Saved entries
• • •

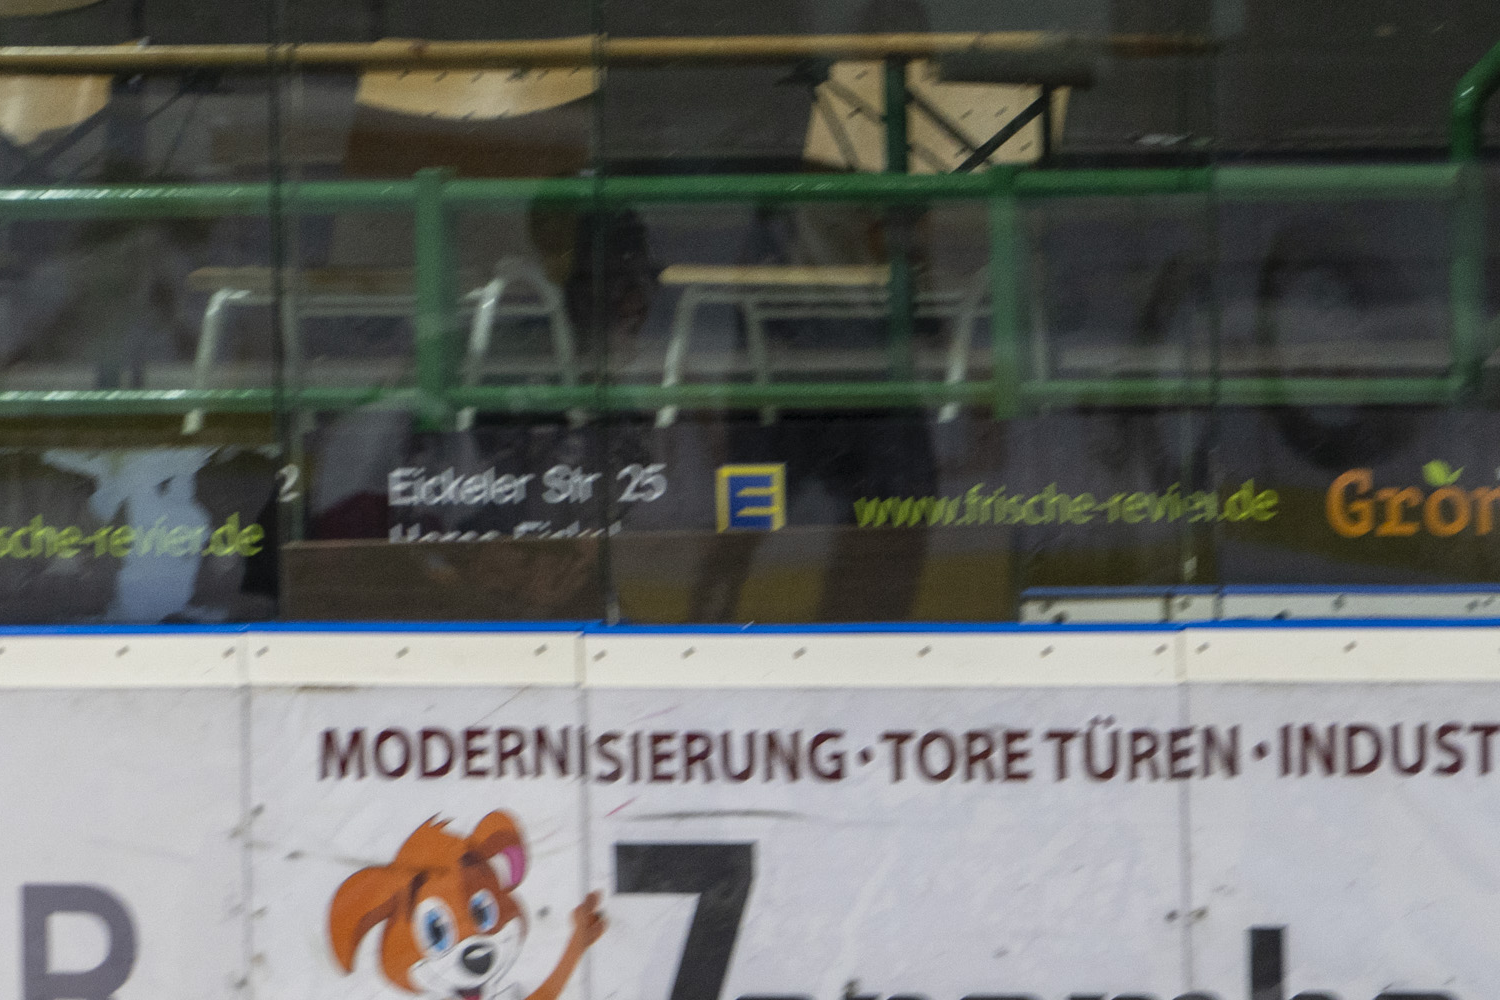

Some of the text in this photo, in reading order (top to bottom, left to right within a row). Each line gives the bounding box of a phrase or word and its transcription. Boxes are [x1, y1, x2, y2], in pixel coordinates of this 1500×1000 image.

[388, 466, 534, 506] Eickeler
[616, 463, 668, 503] 25
[318, 726, 847, 784] MODERNISIERUNG
[880, 728, 1034, 783] TORE
[1043, 716, 1242, 782] TÜREN

• • •

• [Instructions to follow]:
Each entry needs to be returned verbatim, with its pictures left out.

• [Your response]:
Some of the text in this photo, in reading order (top to bottom, left to right within a row). Each line gives the bounding box of a phrase or word and its transcription. Boxes are [x1, y1, x2, y2], in pixel coordinates of this 1500×1000 image.

[388, 466, 534, 506] Eickeler
[616, 463, 668, 503] 25
[318, 726, 847, 784] MODERNISIERUNG
[880, 728, 1034, 783] TORE
[1043, 716, 1242, 782] TÜREN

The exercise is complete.